** Opening Data for this exercise block **

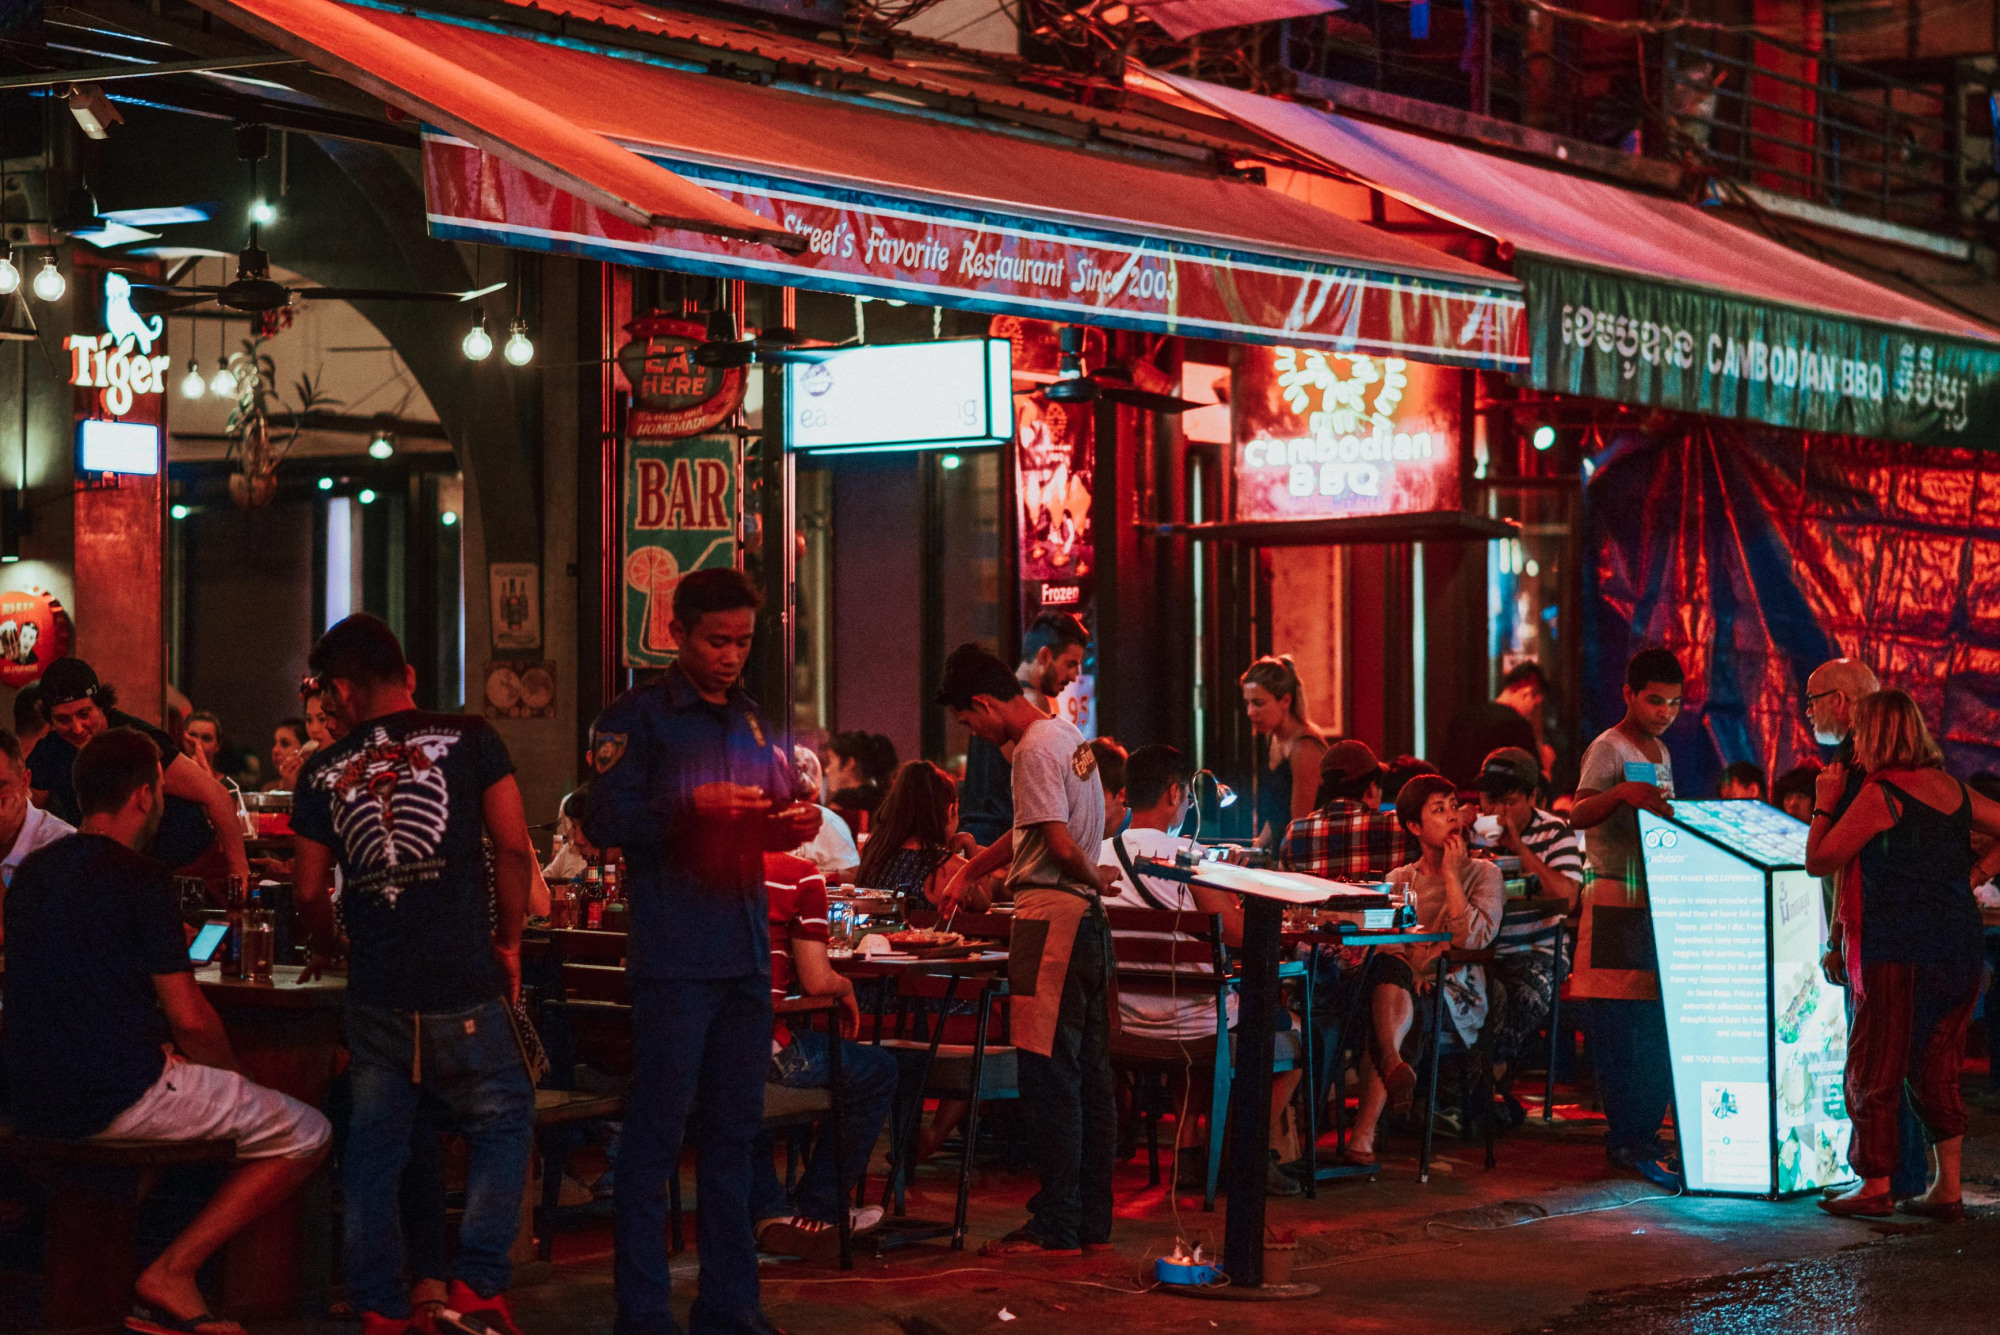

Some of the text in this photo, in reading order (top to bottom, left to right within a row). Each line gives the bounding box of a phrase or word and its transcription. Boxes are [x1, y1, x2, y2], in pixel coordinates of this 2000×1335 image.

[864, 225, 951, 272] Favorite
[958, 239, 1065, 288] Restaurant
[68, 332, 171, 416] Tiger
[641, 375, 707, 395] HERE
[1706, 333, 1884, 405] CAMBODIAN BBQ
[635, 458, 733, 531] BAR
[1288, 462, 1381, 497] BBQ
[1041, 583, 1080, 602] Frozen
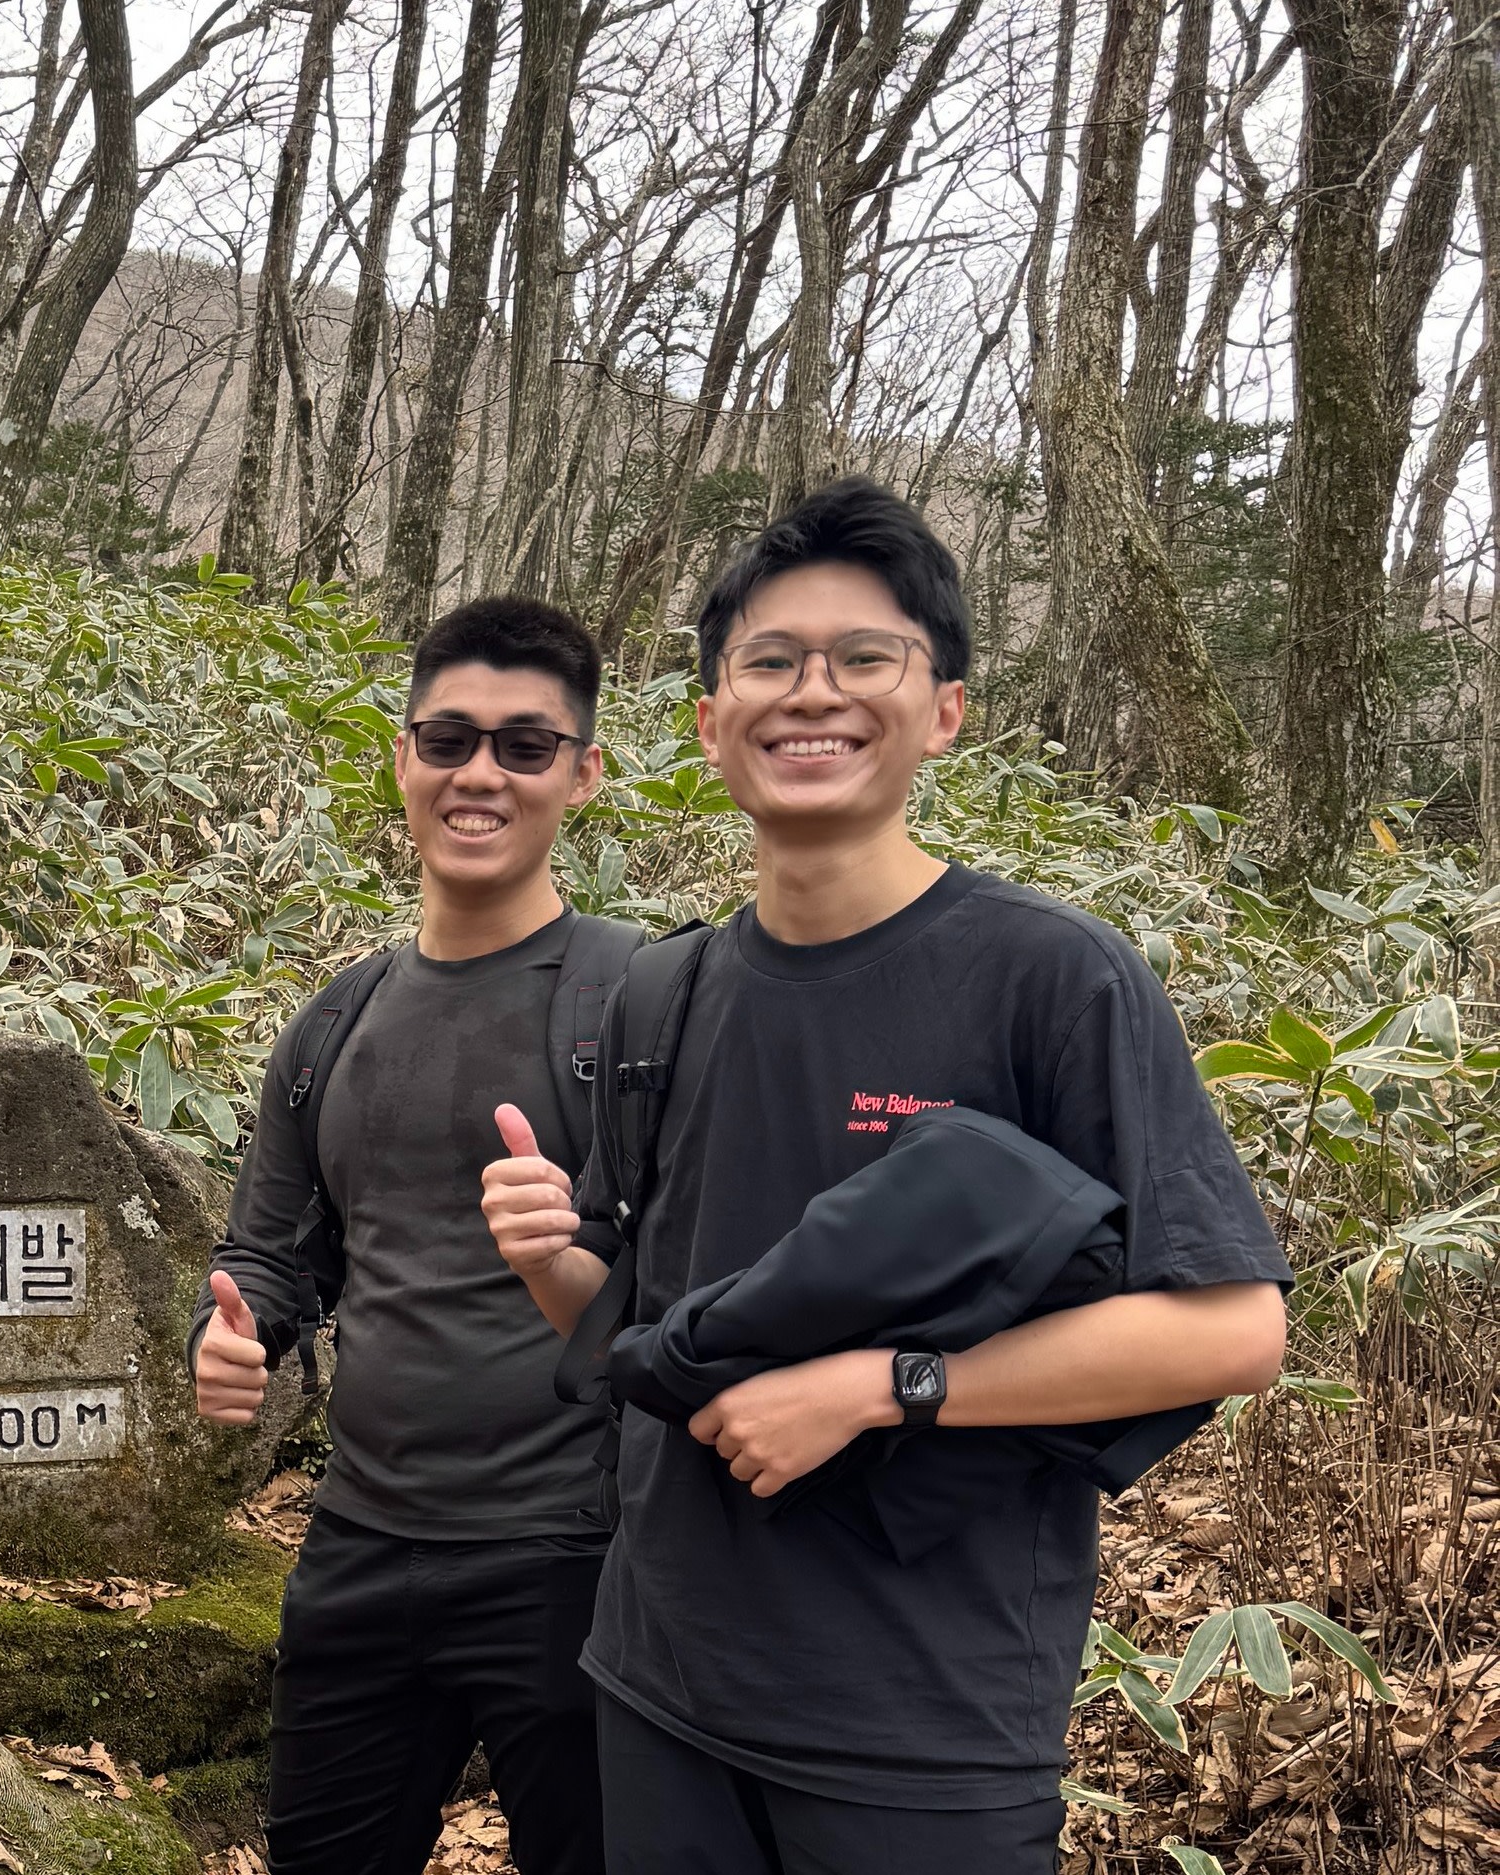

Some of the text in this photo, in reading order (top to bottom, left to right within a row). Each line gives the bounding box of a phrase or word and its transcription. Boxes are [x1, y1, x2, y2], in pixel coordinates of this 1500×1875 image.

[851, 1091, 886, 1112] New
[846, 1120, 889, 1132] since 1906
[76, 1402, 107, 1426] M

** Closing Data for this exercise block **

» Exercise description: Repeat the records above exactly, without pictures.

» Solution for this problem:
Some of the text in this photo, in reading order (top to bottom, left to right within a row). Each line gives the bounding box of a phrase or word and its transcription. Boxes are [x1, y1, x2, y2], in pixel coordinates of this 2000×1335 image.

[864, 225, 951, 272] Favorite
[958, 239, 1065, 288] Restaurant
[68, 332, 171, 416] Tiger
[641, 375, 707, 395] HERE
[1706, 333, 1884, 405] CAMBODIAN BBQ
[635, 458, 733, 531] BAR
[1288, 462, 1381, 497] BBQ
[1041, 583, 1080, 602] Frozen

Some of the text in this photo, in reading order (top to bottom, left to right within a row). Each line gives the bounding box of a phrase or word and its transcription. Boxes are [x1, y1, x2, y2], in pixel coordinates of this 1500×1875 image.

[851, 1091, 886, 1112] New
[846, 1120, 889, 1132] since 1906
[76, 1402, 107, 1426] M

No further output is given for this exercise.